Top of Provided material
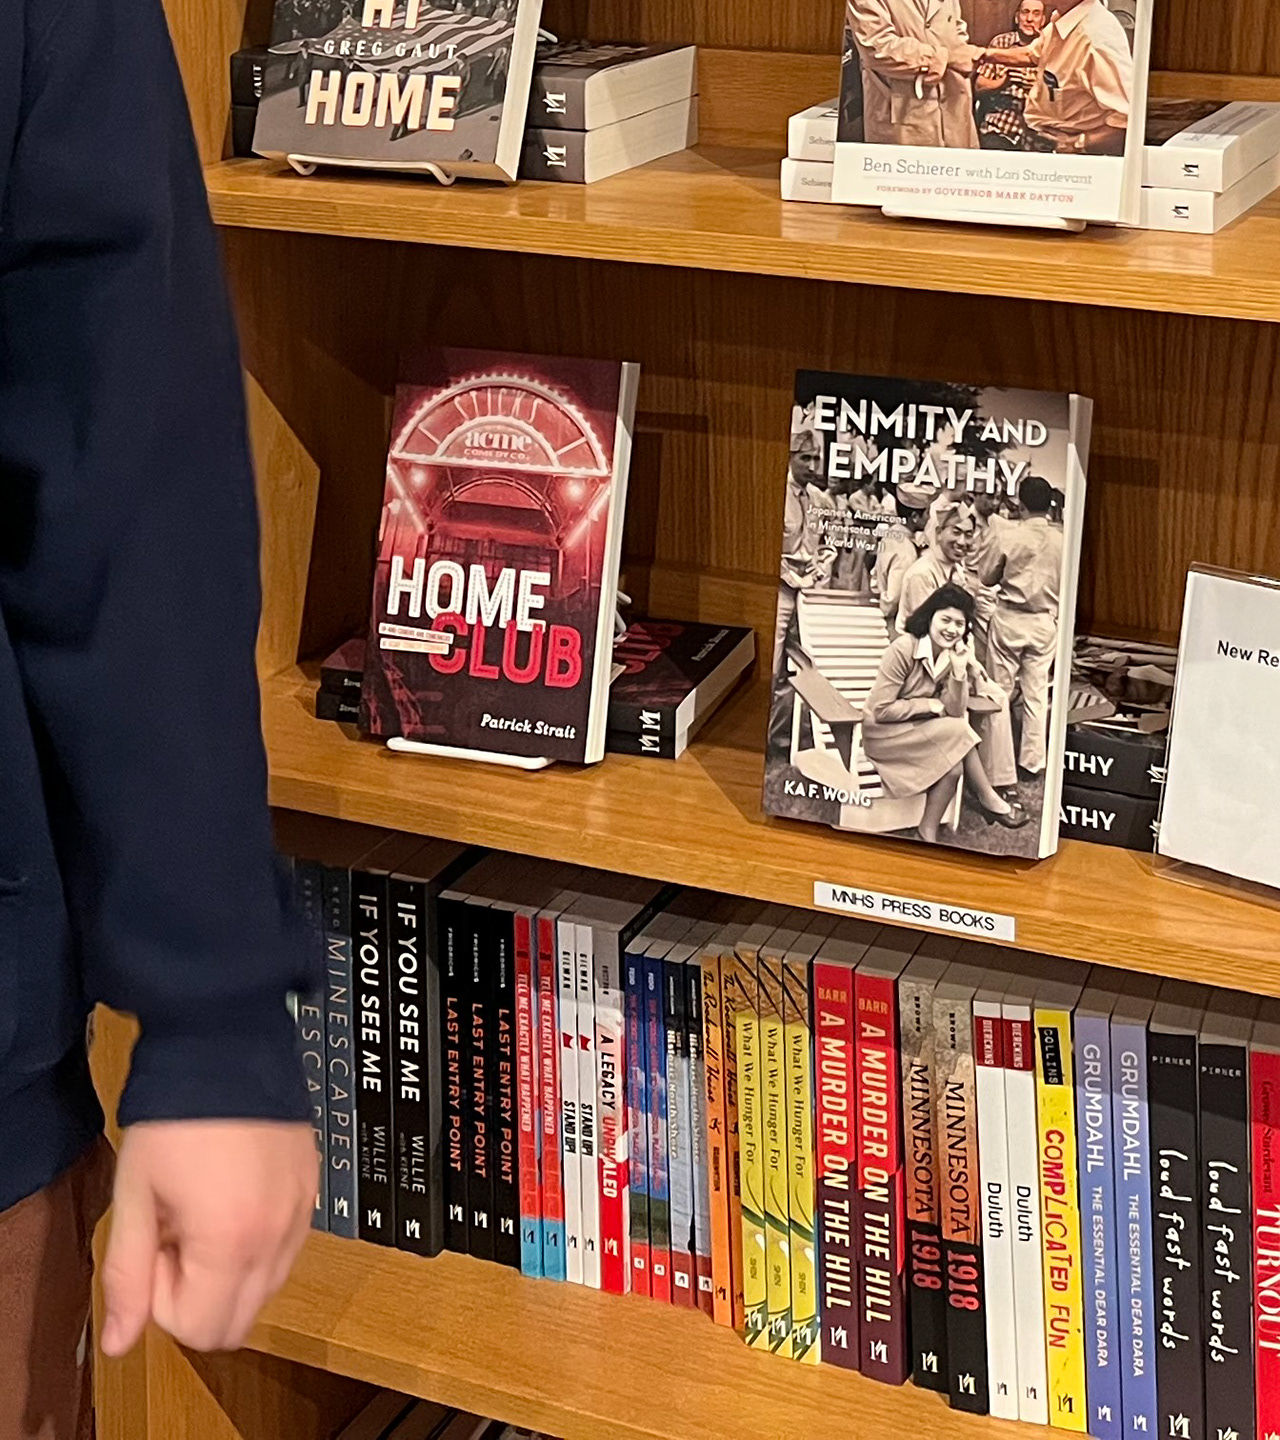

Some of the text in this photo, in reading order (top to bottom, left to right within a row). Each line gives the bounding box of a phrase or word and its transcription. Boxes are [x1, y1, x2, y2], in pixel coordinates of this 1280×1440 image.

[323, 40, 458, 60] GREG GAUT
[305, 70, 461, 131] HOME
[863, 157, 1092, 185] Ben Schierer Sturdevant
[465, 431, 532, 451] acme
[814, 395, 1047, 447] ENMITY AND
[828, 442, 1028, 496] EMPATHY
[807, 504, 906, 524] Japanese Americans
[386, 556, 551, 632] HOME
[429, 612, 582, 689] CLUB
[1217, 640, 1252, 663] New
[480, 713, 576, 739] Patrick Strait
[784, 780, 872, 807] KA F. WONG
[832, 887, 995, 932] MNHS PRESS BOOKS
[397, 901, 420, 1103] IF YOU SEE ME
[1120, 1051, 1142, 1181] GRUMDAHL
[860, 1022, 892, 1323] A MURDER ON THE HILL
[944, 1080, 980, 1312] MINNESOTA 1918
[987, 1182, 1002, 1239] Duluth
[1042, 1129, 1072, 1349] COMPLICATED FUN
[1207, 1160, 1242, 1364] loud fast words
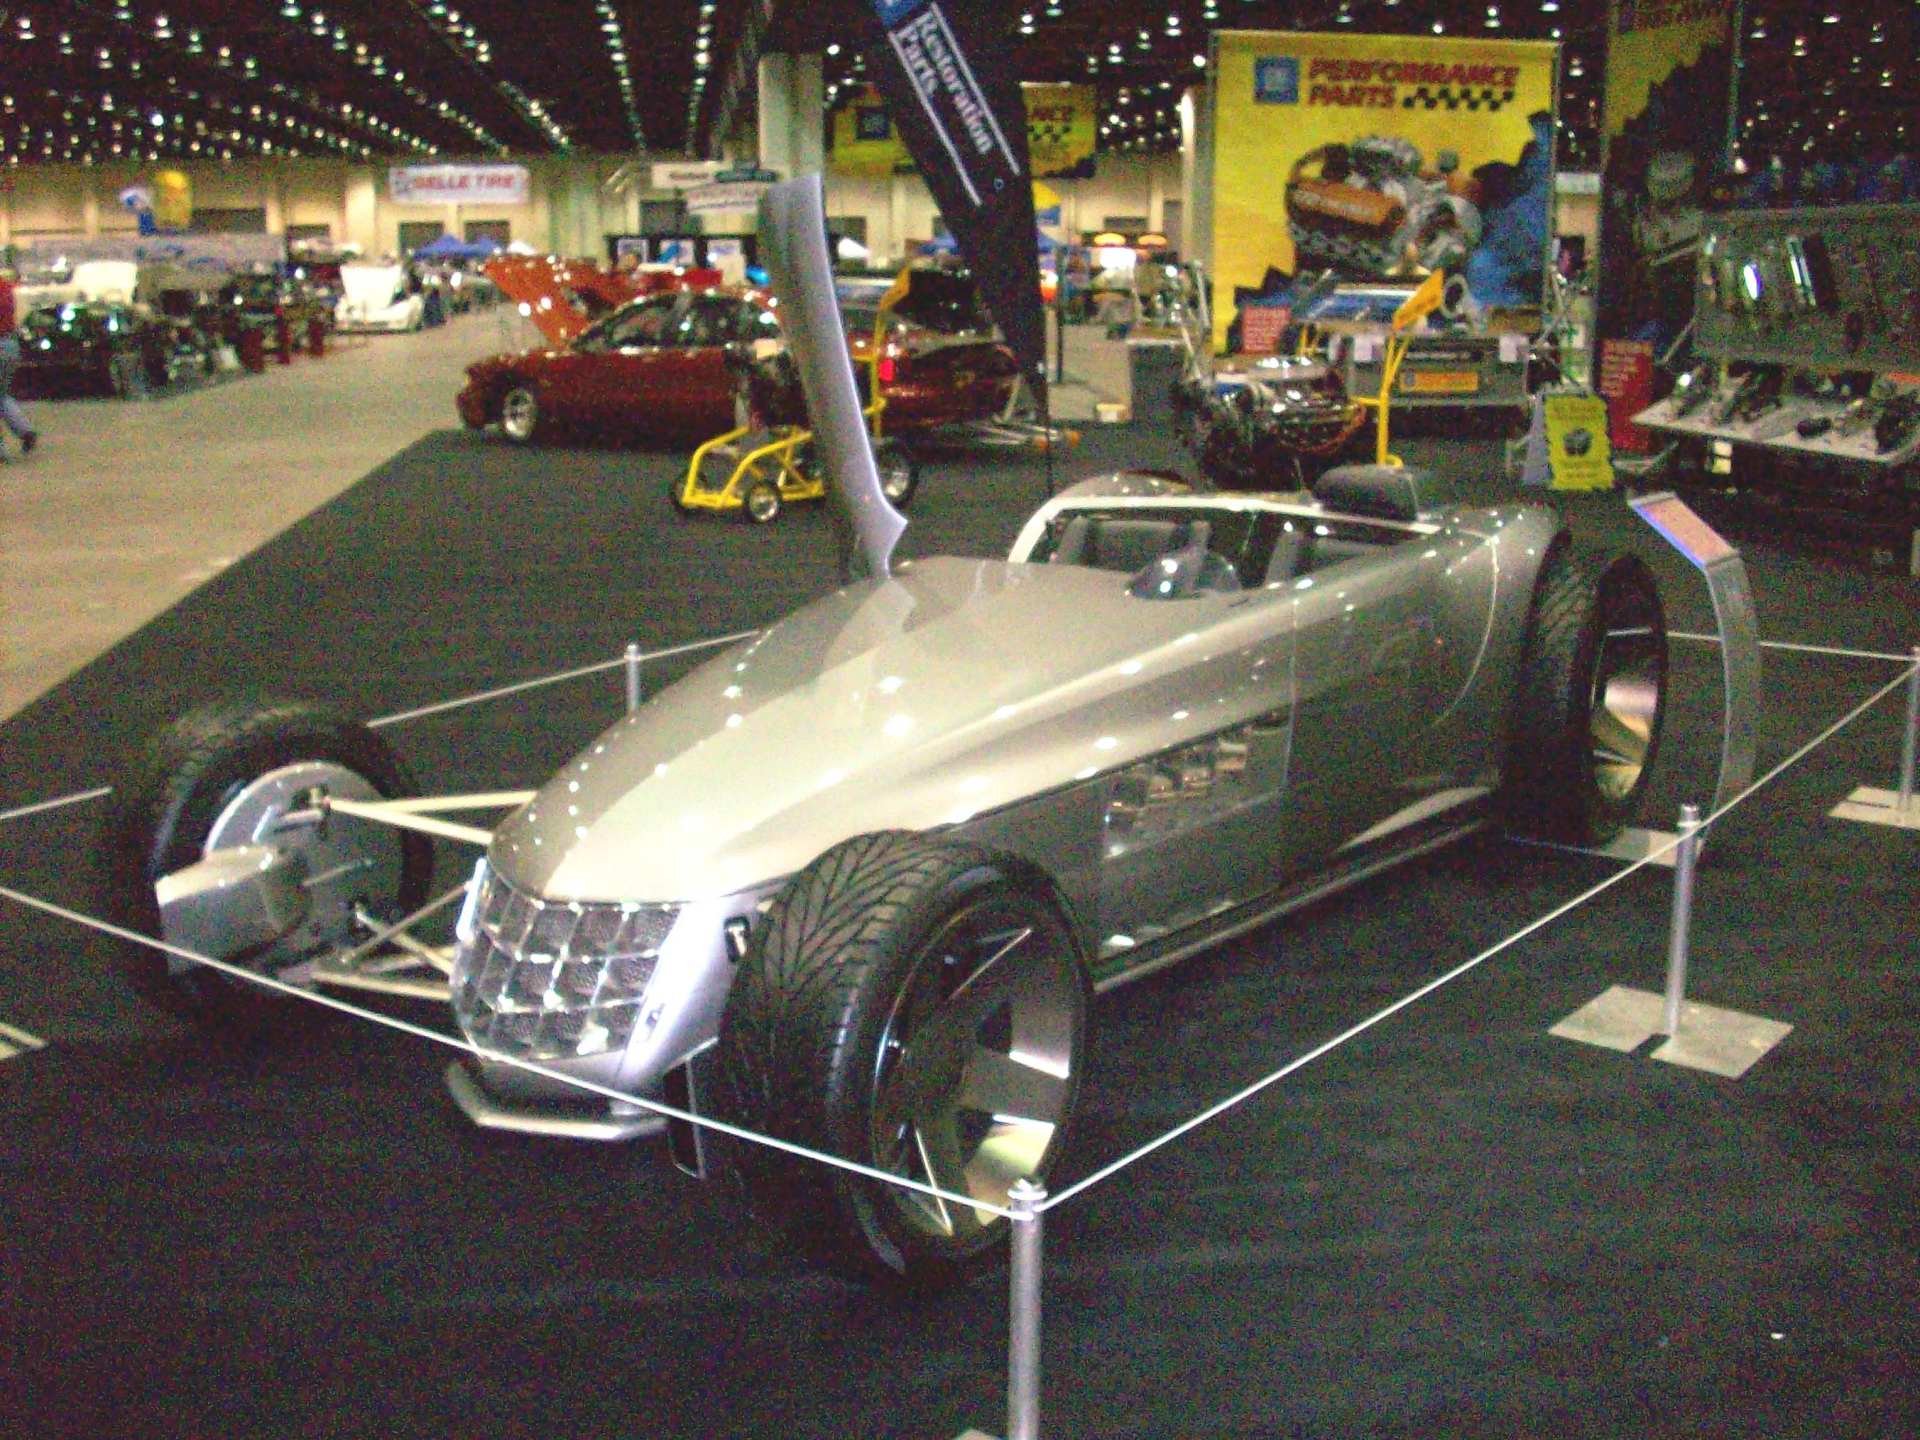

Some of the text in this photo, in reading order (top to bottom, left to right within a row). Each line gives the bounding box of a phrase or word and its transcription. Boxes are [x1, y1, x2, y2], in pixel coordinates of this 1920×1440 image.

[896, 25, 939, 95] Parts
[1308, 57, 1520, 88] PERFORMANCE
[917, 13, 994, 156] Restoration
[1308, 84, 1397, 107] PARTS
[476, 173, 516, 189] TIRE
Bottom of Provided material
* Aim of the exercise:
Restate the records above word for word, without the pictures.

* Exercise solution:
Some of the text in this photo, in reading order (top to bottom, left to right within a row). Each line gives the bounding box of a phrase or word and its transcription. Boxes are [x1, y1, x2, y2], in pixel coordinates of this 1280×1440 image.

[323, 40, 458, 60] GREG GAUT
[305, 70, 461, 131] HOME
[863, 157, 1092, 185] Ben Schierer Sturdevant
[465, 431, 532, 451] acme
[814, 395, 1047, 447] ENMITY AND
[828, 442, 1028, 496] EMPATHY
[807, 504, 906, 524] Japanese Americans
[386, 556, 551, 632] HOME
[429, 612, 582, 689] CLUB
[1217, 640, 1252, 663] New
[480, 713, 576, 739] Patrick Strait
[784, 780, 872, 807] KA F. WONG
[832, 887, 995, 932] MNHS PRESS BOOKS
[397, 901, 420, 1103] IF YOU SEE ME
[1120, 1051, 1142, 1181] GRUMDAHL
[860, 1022, 892, 1323] A MURDER ON THE HILL
[944, 1080, 980, 1312] MINNESOTA 1918
[987, 1182, 1002, 1239] Duluth
[1042, 1129, 1072, 1349] COMPLICATED FUN
[1207, 1160, 1242, 1364] loud fast words

Some of the text in this photo, in reading order (top to bottom, left to right within a row). Each line gives the bounding box of a phrase or word and its transcription. Boxes are [x1, y1, x2, y2], in pixel coordinates of this 1920×1440 image.

[896, 25, 939, 95] Parts
[1308, 57, 1520, 88] PERFORMANCE
[917, 13, 994, 156] Restoration
[1308, 84, 1397, 107] PARTS
[476, 173, 516, 189] TIRE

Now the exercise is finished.